Module RelaxNG Scanner

General Information

This module serves the input validation of XML documents obtained from publishers. Every XML document can be validated against several RelaxNG schemes.

Selecting RelaxNG schemas for a journal in the config file

Module logic

The module uses git to obtain the latest RelaxNG schemas. It will then, for each article, load the single document from the xml folder and try to validate it against the RelaxNG schemas in the order as specified in the configuration file.

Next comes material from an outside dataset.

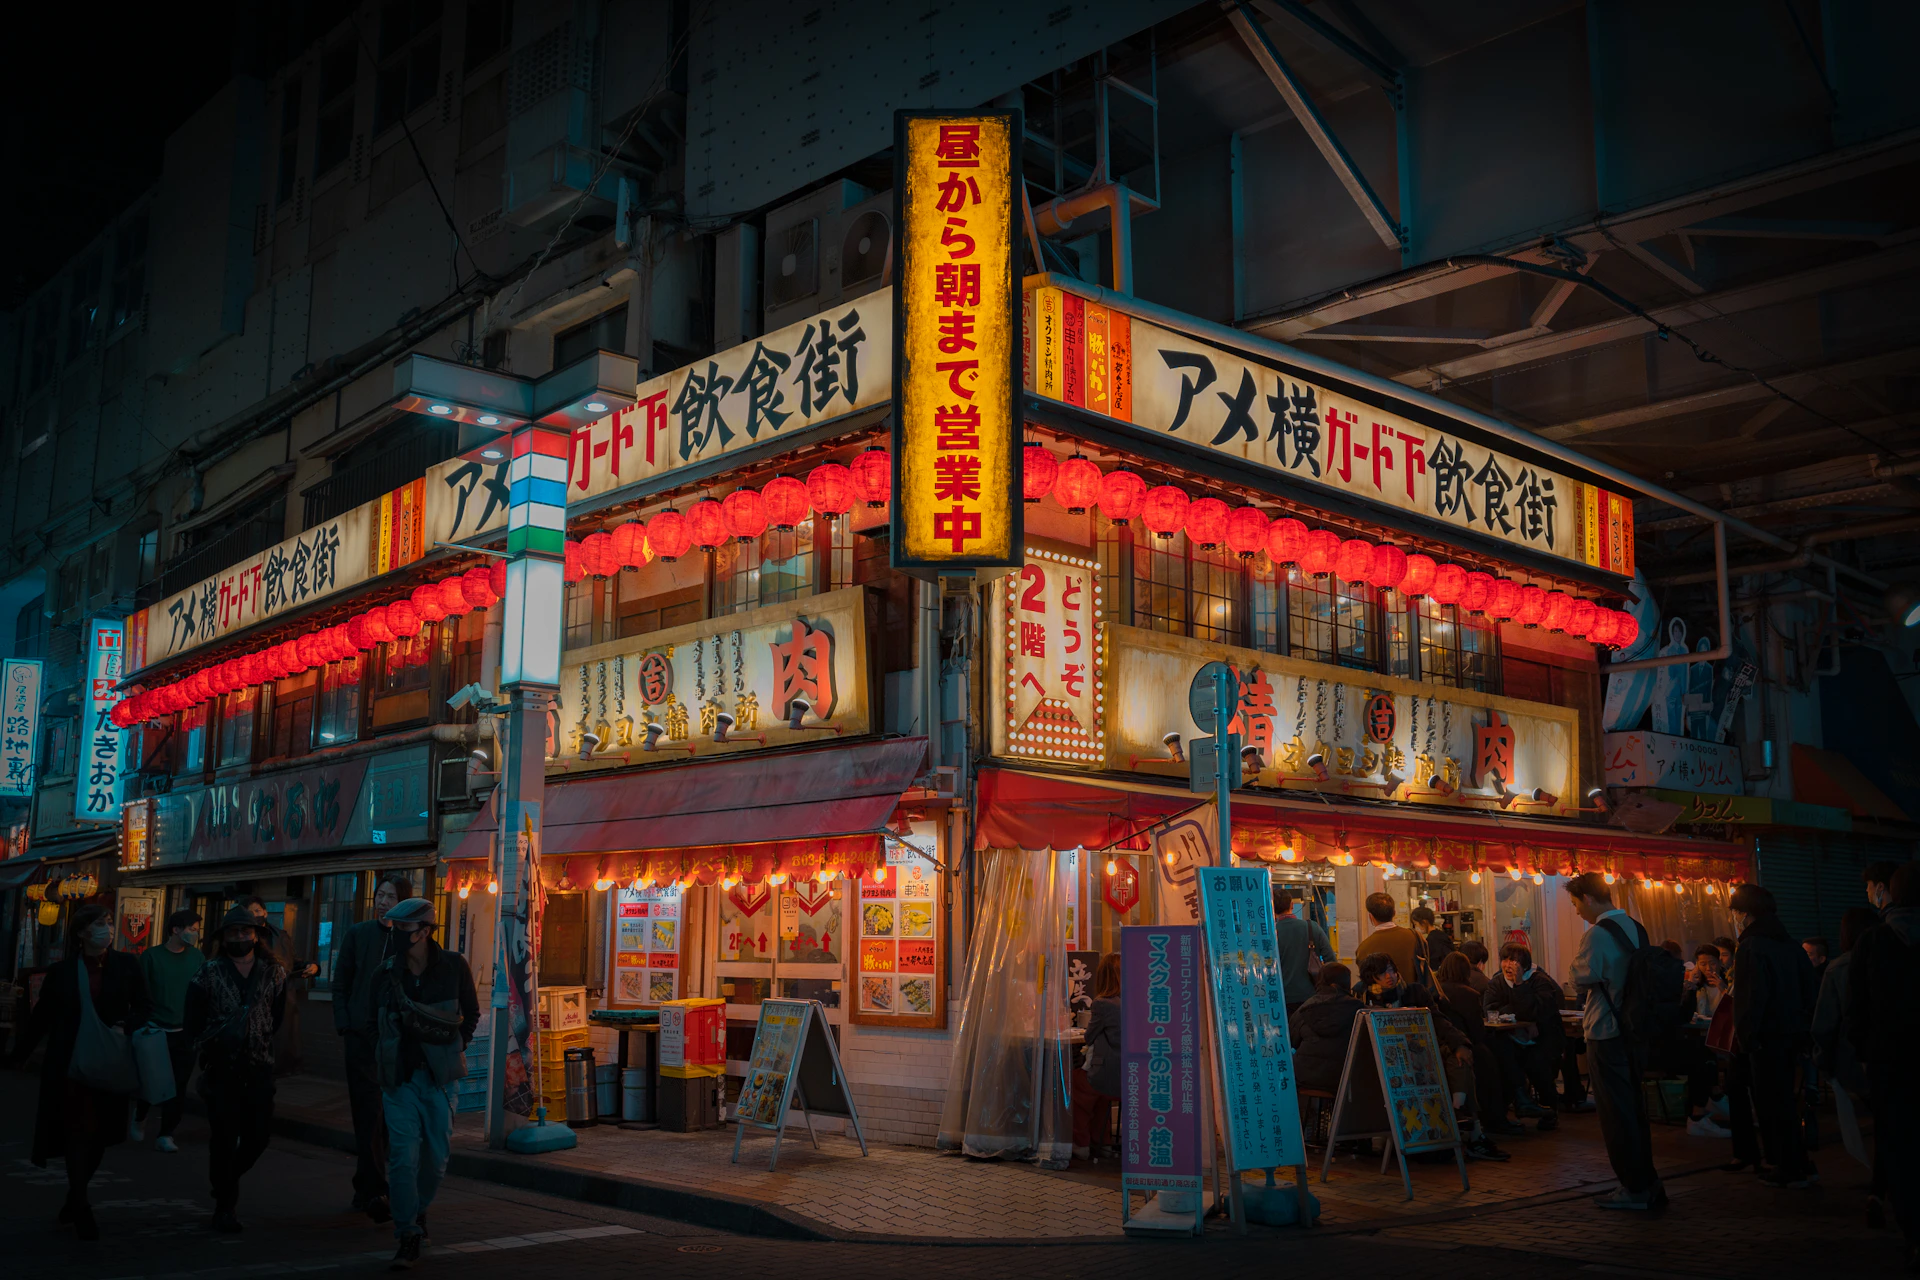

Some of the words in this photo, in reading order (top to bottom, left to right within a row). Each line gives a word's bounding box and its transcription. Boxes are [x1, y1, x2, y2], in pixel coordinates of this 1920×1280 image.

  • Validation is performed via the Jing-Trang validation engine as the LXML output was often too unspecific to understand the reason validation failed.
  • The module will only work on a single XML document in the xml folder
  • Validation is finished the first time a document was successfully validated. The name of that RelaxNG is saved.
  • If validation fails for all RelaxNG schemas in the config file, a stop processing folder is created and the errors are logged.
  • The module contains a mechanism to resolve stop-processing folders by attempting another round of validation depending on the parameters. See details below.

Processing steps

Update of the RelaxNG schemas

The module will perform a git clone of the git repository that contains the RelaxNG schemas if the folder that is supposed to contain the RelaxNG schemas in the mounted file systems does not exist. Otherweise, it will perform a git pull.

Matching config and RelaxNG schemas

QUESTION: Do we want to change the logic here before going to production. See also #116

Stop folder reprocessing

Reprocessing configuration

On a journal basis, this module allows for reprocessing of earlier created stop-processing folders. This feature is controlled by the follwing flow parameters:

  • remove_stop_folders: True (stop folders will be reprocessed for the ISSNs specified in limit_stop_folder_removal_list)/False (no re-processing, default value)
  • limit_stop_folder_removal_list: List of ISSNs for which re-processing should be performed
    • default: List only containing the None element, leading to no re-processing
    • list containing specific ISSNs will limit reprocessing to those
    • an empty list will lead to reprocessing of all ISSNs

Reprocessing logic

In reprocessing mode, for which no stop folder was previously created will be processed normally using the previous module's output as input. If there is a stop-folder for the RelaxNG scanner, then a logic will be used that treats the stop-processing- folder as if it were the folder of the previous module.

  • create a temp- folder as copy of the stop-processing- folder
  • process the contents of this temp- folder
  • rename old stop-processing- folder to clear-stop-processing-
    • this is done to keep the data save even if something should happen during the following file operations
  • rename temp directory based on outcome
    • if validation was successful, rename so that it will be processed by the following module
    • if validation failed again, rename to a new stop-processing folder
  • delete the clear-stop-processing- folder and all of its contents

XML pre-processing to remove DTD reference

An XML will be automatically invalid (? not well formed?) if the DTD referenced in the file is not available. Thus, this reference has to be removed to allow for processing without having all DTDs available. This is done by creating a copy of the XML document, using the lxml etree library to open, removing the docinfo, and writing the contents back to the temporary copy. This temporary copy is then used for RelaxNG validation.

RelaxNG validation

A subprocess is then started calling the jing-trang validator with the temporary file from the previous processing step. Based on the output of this subprocess, the XML file is either deemed valid or invalid.

Logging results

  • For validated XML files, the name of the RelaxNG for which the XML file was valid is written to a text file together with the HEAD commit hash of the git repo containing the RelaxNG schema files.
  • For invalid XML files, the jing-trang output containing the validation errors will be written to a csv files for manual intervention.

Writing the processing history

Final processing

If validation was successful for at least one of the RelaxNG schemas in the config file, the module folder will be renamed for processing by the next module. If the XML file was invalid for all RelaxNG schemas, a stop-processing folder is created.